◆ Activity: Leave the pictures out and restate each entry below word for word.

Image-backed grounding data:
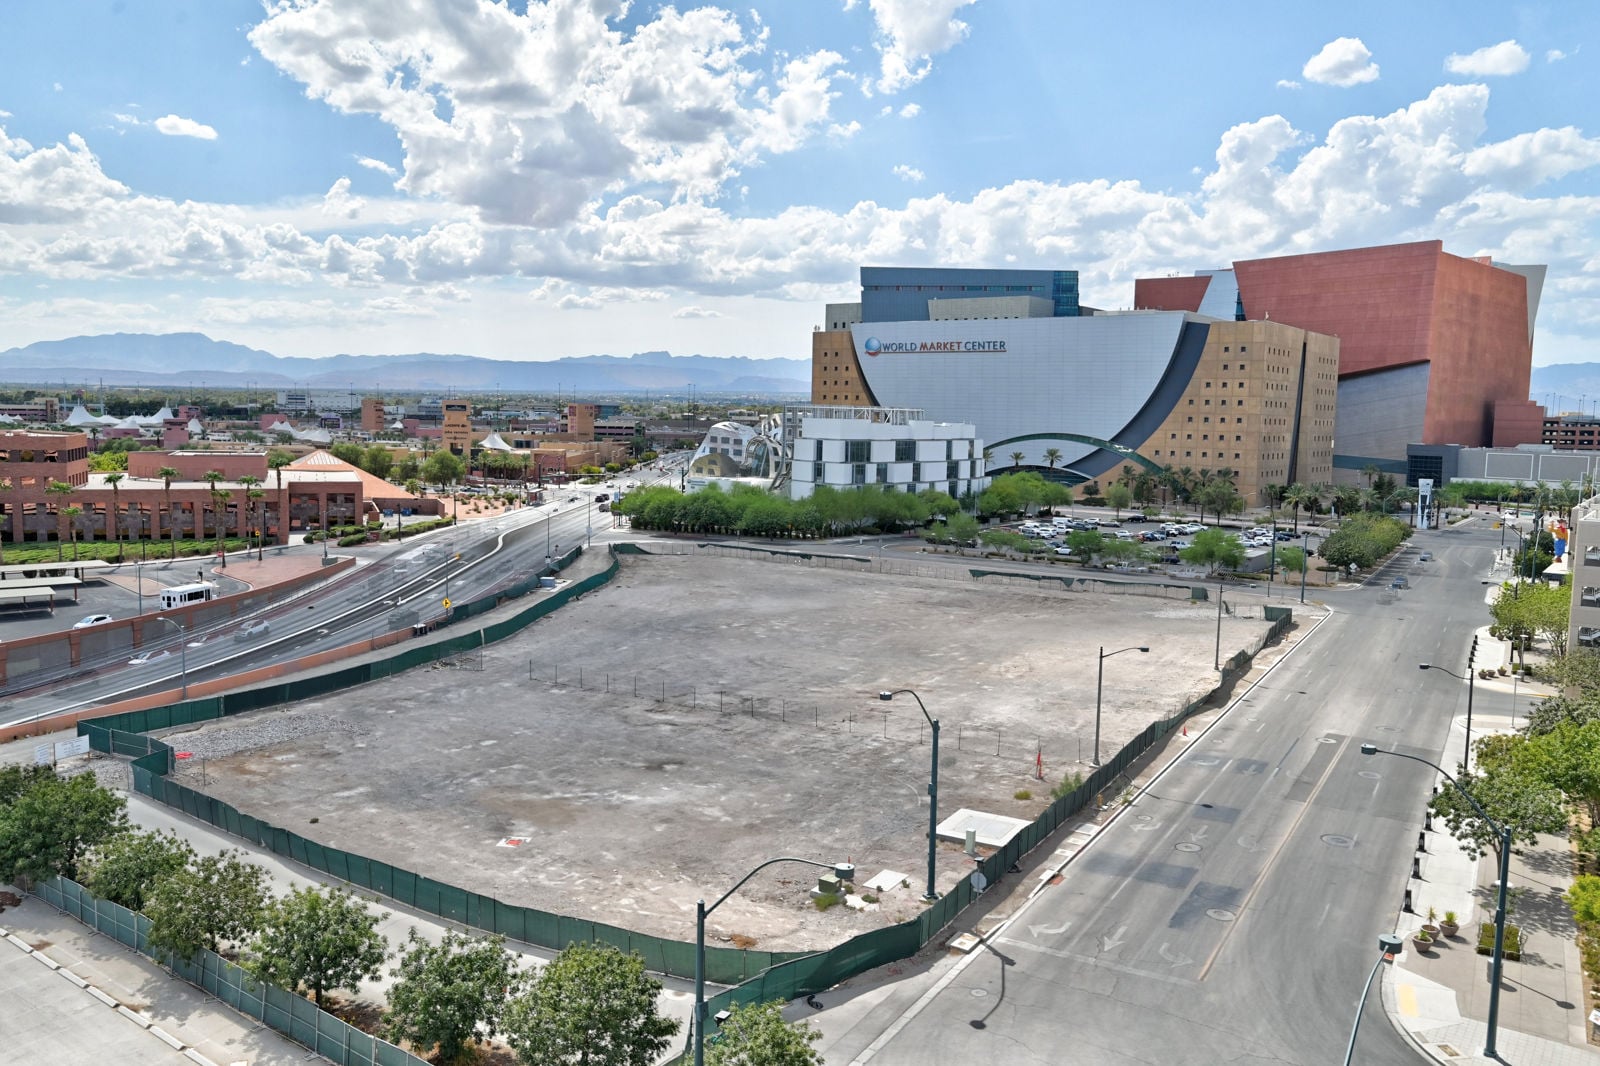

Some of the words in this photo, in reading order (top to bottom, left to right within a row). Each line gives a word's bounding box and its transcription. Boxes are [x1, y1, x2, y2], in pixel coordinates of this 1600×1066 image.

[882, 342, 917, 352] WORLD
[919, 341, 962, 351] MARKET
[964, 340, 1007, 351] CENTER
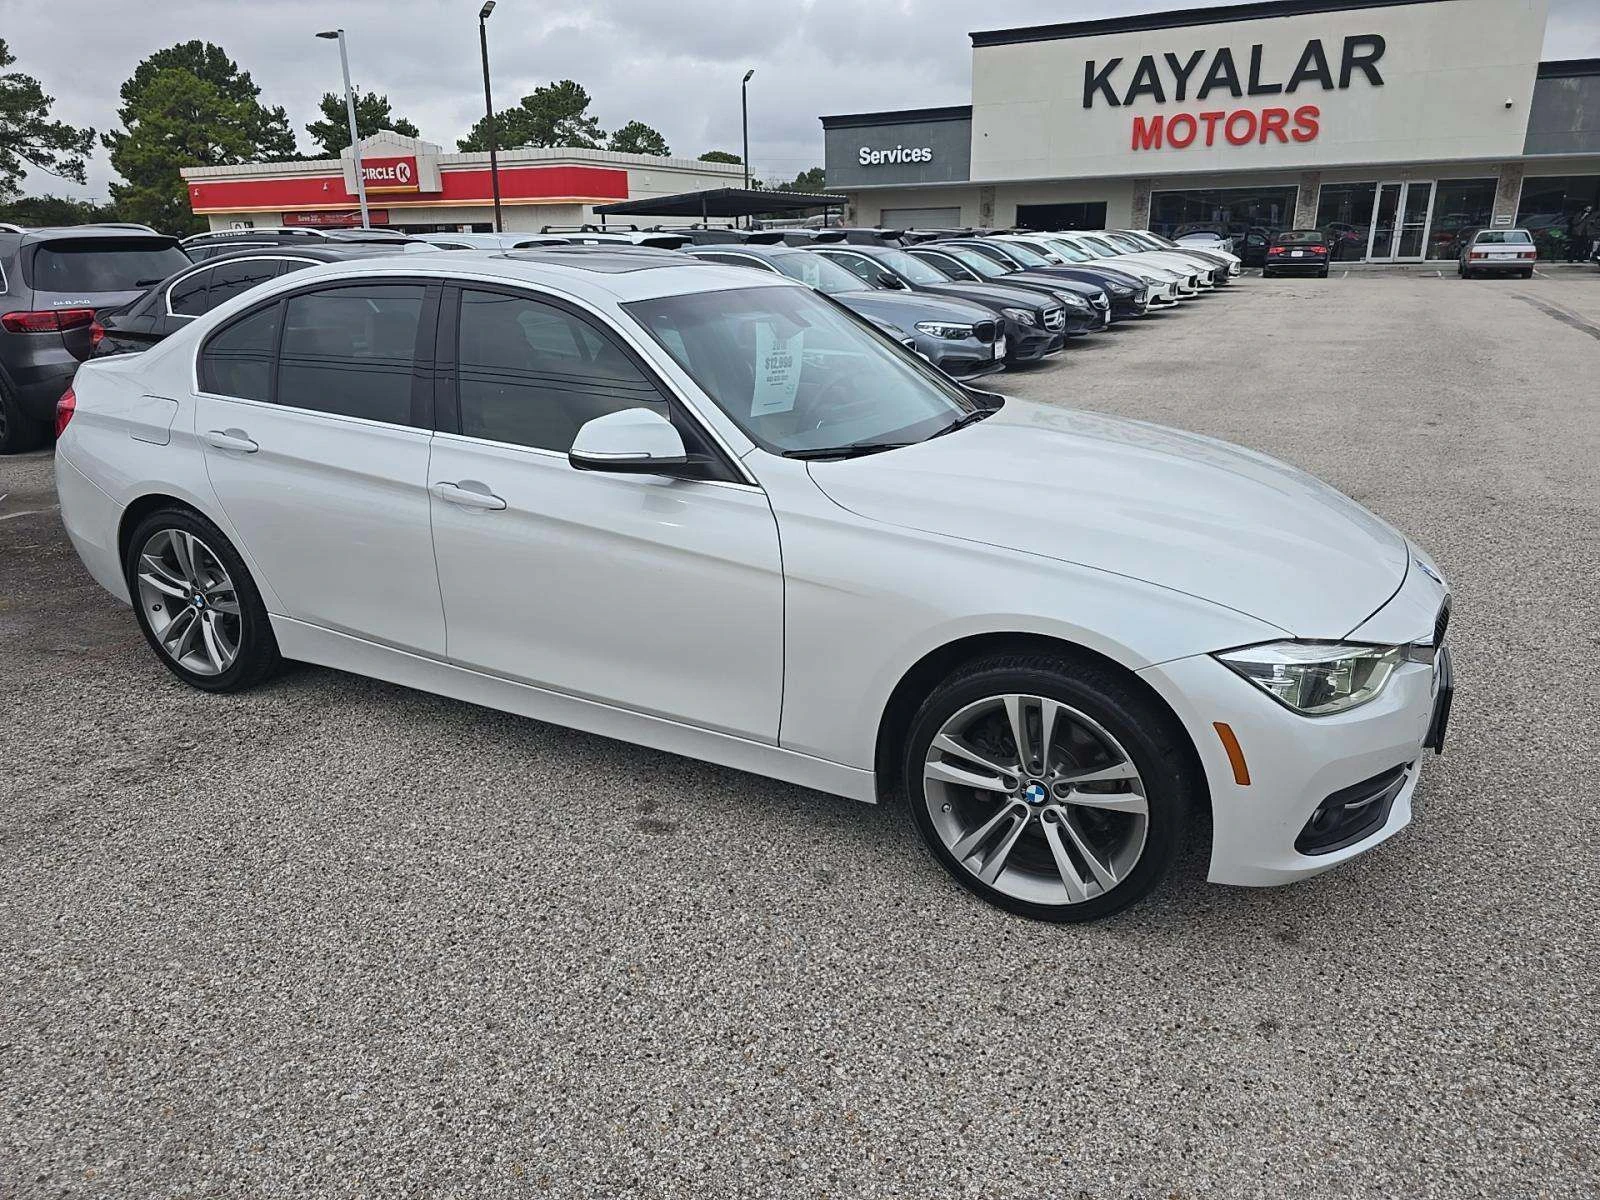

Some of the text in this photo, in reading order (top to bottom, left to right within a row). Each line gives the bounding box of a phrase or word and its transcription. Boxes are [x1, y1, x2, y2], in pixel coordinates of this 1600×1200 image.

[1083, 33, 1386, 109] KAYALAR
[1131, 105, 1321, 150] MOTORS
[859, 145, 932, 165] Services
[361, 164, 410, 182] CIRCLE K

◆ Expected answer:
Some of the words in this photo, in reading order (top to bottom, left to right within a row). Each line gives a word's bounding box and its transcription. Boxes are [x1, y1, x2, y2], in pixel coordinates of this 1600×1066 image.

[882, 342, 917, 352] WORLD
[919, 341, 962, 351] MARKET
[964, 340, 1007, 351] CENTER

Some of the text in this photo, in reading order (top to bottom, left to right within a row). Each line gives the bounding box of a phrase or word and its transcription. Boxes are [x1, y1, x2, y2], in pixel coordinates of this 1600×1200 image.

[1083, 33, 1386, 109] KAYALAR
[1131, 105, 1321, 150] MOTORS
[859, 145, 932, 165] Services
[361, 164, 410, 182] CIRCLE K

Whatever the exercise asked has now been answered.